Your goal: Print out each entry below in full, exactly as given, excluding pictures.

───── Record extracts

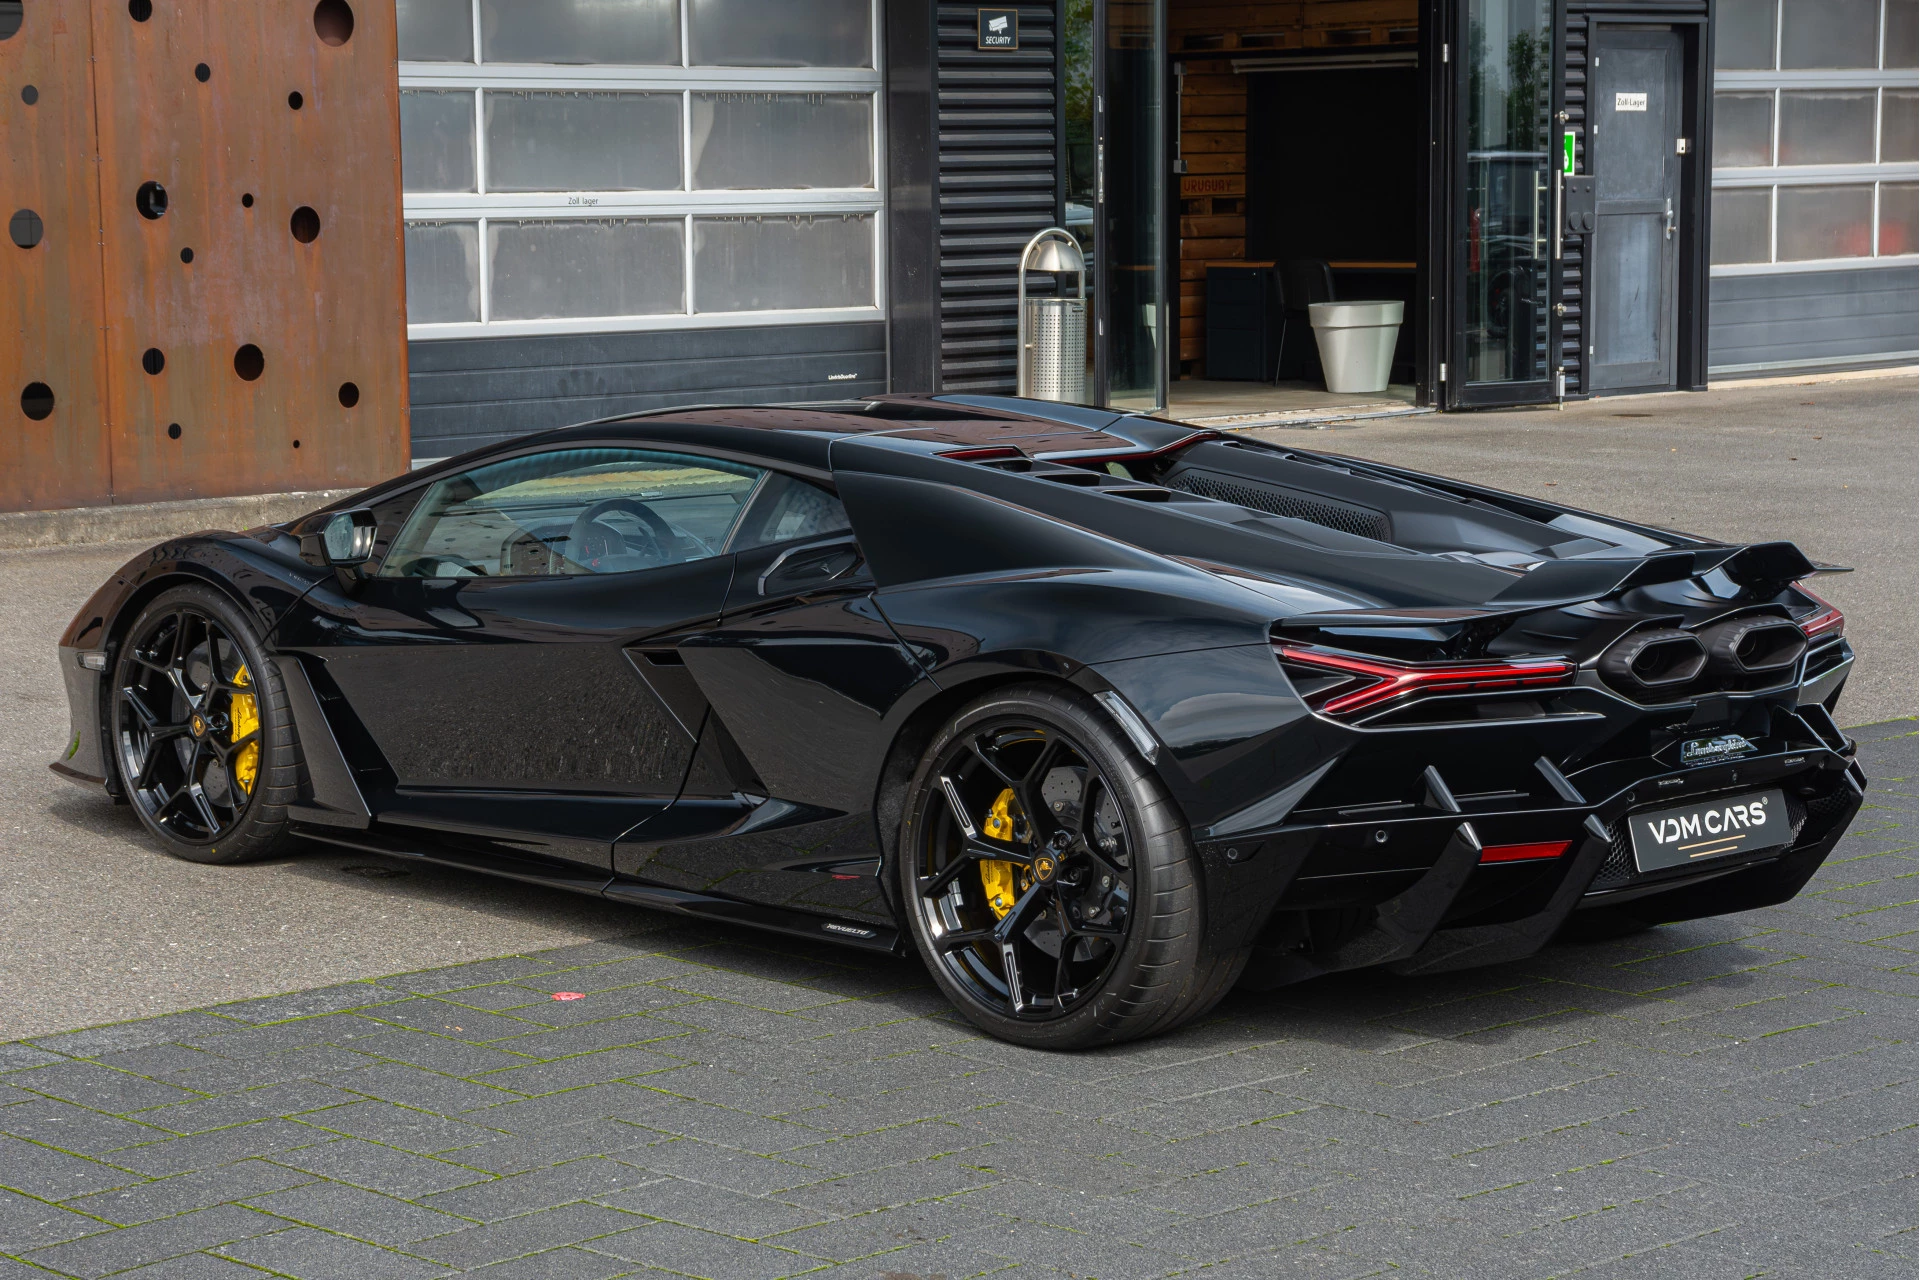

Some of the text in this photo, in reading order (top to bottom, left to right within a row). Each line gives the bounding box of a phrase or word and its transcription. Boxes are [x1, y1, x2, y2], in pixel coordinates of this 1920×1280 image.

[985, 36, 1011, 44] SECURITY
[1183, 179, 1231, 192] URUGUAY
[582, 197, 598, 206] lager
[1647, 813, 1702, 844] VDM

──────────

Exercise answer:
Some of the text in this photo, in reading order (top to bottom, left to right within a row). Each line gives the bounding box of a phrase or word and its transcription. Boxes are [x1, y1, x2, y2], in pixel coordinates of this 1920×1280 image.

[985, 36, 1011, 44] SECURITY
[1183, 179, 1231, 192] URUGUAY
[582, 197, 598, 206] lager
[1647, 813, 1702, 844] VDM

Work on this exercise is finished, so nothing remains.